Govt ‘developing more attractive career paths’ for S’porean, PR engineers

April 6, 20169:41 am316 views

Engineers have a crucial role to play in Singapore’s continued growth and the Government is working to address the shortfall based on feedback from enterprises and other sectors, Minister of State for Manpower Teo Ser Luck said.

As of June last year, there were 122,500 professionals hired as engineers, with six in 10 of them Singaporeans and permanent residents (PRs), he said.

Mr Teo was responding to questions by Nee Soon GRC Member of Parliament Lee Bee Wah on Tuesday on the number of Singaporean and foreign engineers working here.

Ms Lee further asked if the Government planned to lead by example and “employ just Singaporeans in government agencies and statutory boards”.

“In the government sector, the majority of our engineers are local. We will always do our best to try to make sure that local engineers are given a fair chance and opportunity to take on positions,” Mr Teo replied in Parliament.
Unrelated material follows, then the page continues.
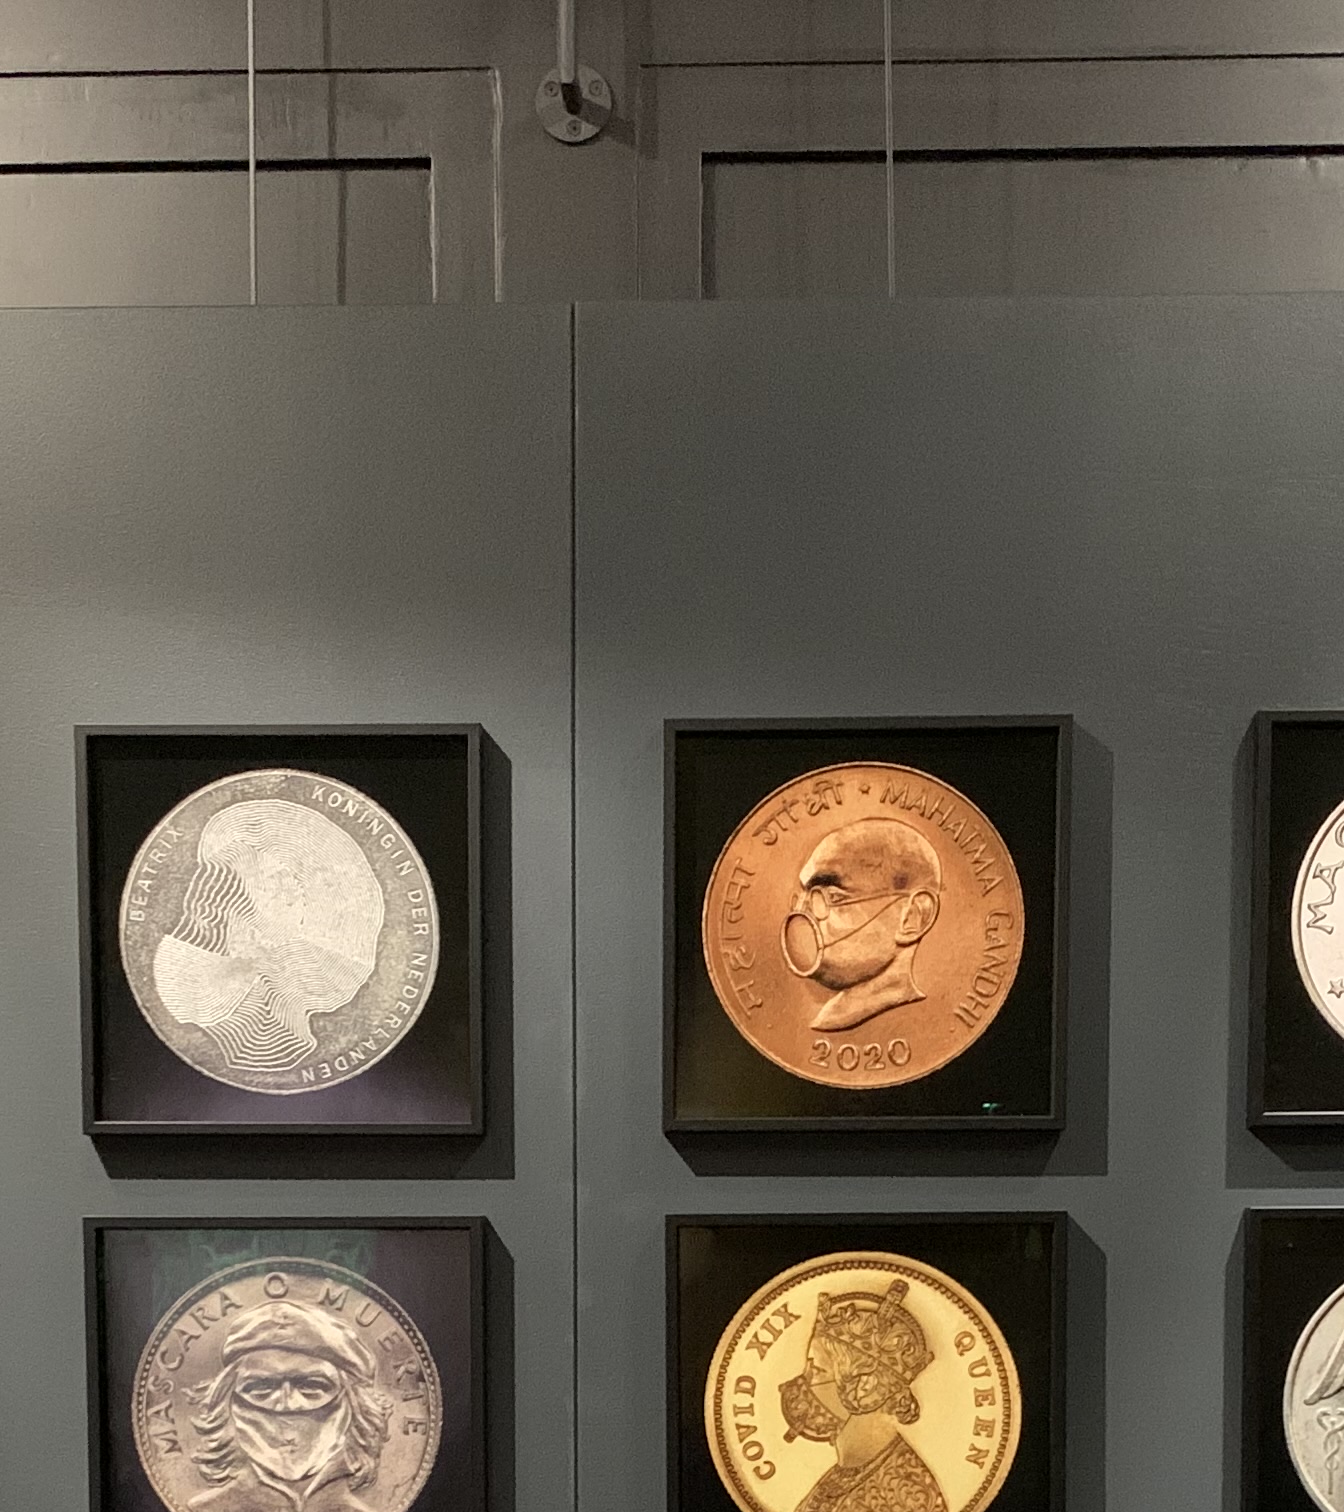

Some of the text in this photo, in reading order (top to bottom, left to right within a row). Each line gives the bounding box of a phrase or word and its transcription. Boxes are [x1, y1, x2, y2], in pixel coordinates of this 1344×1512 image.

He said the Manpower Ministry is looking to attract more Singapore citizens and PRs to join the engineering profession by “developing more attractive career pathways”, and strengthening the professional recognition and accreditation of engineering skills and expertise.

The sectoral tripartite committees of various engineering sectors are formulating their respective manpower plans to enhance “sectoral competitiveness” and to strengthen the core of Singaporean workers, he added.

The aim is to ensure that engineers continue to stay in the sector, with good human-resource practices, such as good career-progression plans from the enterprises themselves, to identify and invest in their human capital.

In response to Ms Lee’s other question on how many students would be graduating from universities with engineering degrees this year, Mr Ong Ye Kung, Acting Minister for Education (Higher Education and Skills), said in a written reply that with the increased demand for engineers, the number of full-time engineering graduates from Singapore’s autonomous universities has also risen from about 3,700 graduates in 2012 to 4,400 graduates projected this year.

As to how the Ministry of Education (MOE) is coping with the demand for more engineers and to get more students interested in taking up engineering in higher education, Mr Ong said: “Every year, MOE works in close consultation with various economic agencies to ensure that the supply of engineering training places in the Institute of Technical Education, polytechnics and the autonomous universities is aligned with the demand for manpower by the industry.”

He highlighted certain initiatives taken by educational institutes at various levels, such as the new degree programmes in “sustainable infrastructure engineering and telematics” by the Singapore Institute of Technology, which are targeted at meeting transport engineering needs.

There are also the Applied Learning Programmes in science, technology, engineering and mathematics offered at more than 50 per cent of secondary schools here, where students get to address real-world problems or interact with engineering professionals, for example.

The Science Centre Singapore supports these schools — 64 at the moment — that start these programmes.